--- START ---

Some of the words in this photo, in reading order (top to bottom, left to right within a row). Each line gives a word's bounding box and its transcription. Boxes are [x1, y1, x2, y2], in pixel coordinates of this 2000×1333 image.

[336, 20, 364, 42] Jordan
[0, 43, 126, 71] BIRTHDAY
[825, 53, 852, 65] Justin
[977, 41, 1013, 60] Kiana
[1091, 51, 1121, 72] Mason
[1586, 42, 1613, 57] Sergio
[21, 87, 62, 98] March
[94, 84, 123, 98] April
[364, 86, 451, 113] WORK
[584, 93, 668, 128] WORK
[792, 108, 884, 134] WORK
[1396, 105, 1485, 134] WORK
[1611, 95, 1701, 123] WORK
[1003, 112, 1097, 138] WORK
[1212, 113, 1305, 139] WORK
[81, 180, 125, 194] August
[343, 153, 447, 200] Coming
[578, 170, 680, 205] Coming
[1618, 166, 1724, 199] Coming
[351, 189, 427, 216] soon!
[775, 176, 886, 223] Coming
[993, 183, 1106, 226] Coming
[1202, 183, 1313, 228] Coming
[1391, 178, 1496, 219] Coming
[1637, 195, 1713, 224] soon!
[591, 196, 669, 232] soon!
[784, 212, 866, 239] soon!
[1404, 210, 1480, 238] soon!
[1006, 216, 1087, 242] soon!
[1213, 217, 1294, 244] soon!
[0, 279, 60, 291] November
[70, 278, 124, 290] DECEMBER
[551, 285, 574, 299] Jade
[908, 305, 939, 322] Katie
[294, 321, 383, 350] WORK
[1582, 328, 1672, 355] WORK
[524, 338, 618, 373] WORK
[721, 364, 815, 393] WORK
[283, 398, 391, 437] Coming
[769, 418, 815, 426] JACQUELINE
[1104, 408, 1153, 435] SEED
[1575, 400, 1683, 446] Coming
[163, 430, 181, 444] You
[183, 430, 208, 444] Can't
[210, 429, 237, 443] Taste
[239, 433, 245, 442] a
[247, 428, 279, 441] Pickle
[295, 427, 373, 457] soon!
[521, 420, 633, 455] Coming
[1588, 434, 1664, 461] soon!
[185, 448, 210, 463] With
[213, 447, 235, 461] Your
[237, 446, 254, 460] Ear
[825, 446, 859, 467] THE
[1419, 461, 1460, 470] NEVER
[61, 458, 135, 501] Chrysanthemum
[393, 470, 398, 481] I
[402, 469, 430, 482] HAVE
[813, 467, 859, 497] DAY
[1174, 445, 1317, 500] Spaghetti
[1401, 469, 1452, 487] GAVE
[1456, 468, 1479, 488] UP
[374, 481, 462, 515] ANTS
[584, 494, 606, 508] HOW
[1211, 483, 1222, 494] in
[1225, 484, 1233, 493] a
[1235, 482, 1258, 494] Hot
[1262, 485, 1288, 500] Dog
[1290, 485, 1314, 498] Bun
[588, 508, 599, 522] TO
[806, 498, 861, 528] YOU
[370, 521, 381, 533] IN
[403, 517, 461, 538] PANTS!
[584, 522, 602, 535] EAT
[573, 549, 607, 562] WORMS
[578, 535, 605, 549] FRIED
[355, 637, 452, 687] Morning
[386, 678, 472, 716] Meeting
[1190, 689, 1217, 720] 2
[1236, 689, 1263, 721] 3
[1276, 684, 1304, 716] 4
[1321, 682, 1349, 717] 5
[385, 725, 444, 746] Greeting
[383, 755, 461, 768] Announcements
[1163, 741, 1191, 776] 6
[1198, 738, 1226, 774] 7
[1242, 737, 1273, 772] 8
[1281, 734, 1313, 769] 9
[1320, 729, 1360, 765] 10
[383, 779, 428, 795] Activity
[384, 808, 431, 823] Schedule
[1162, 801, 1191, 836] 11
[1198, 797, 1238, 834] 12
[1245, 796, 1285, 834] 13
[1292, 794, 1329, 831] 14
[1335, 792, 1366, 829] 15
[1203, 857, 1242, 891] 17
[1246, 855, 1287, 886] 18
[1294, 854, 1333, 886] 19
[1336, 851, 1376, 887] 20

--- END ---

Using the records above, find and show each line with the string "soon".

[351, 189, 427, 216] soon!
[1637, 195, 1713, 224] soon!
[591, 196, 669, 232] soon!
[784, 212, 866, 239] soon!
[1404, 210, 1480, 238] soon!
[1006, 216, 1087, 242] soon!
[1213, 217, 1294, 244] soon!
[295, 427, 373, 457] soon!
[1588, 434, 1664, 461] soon!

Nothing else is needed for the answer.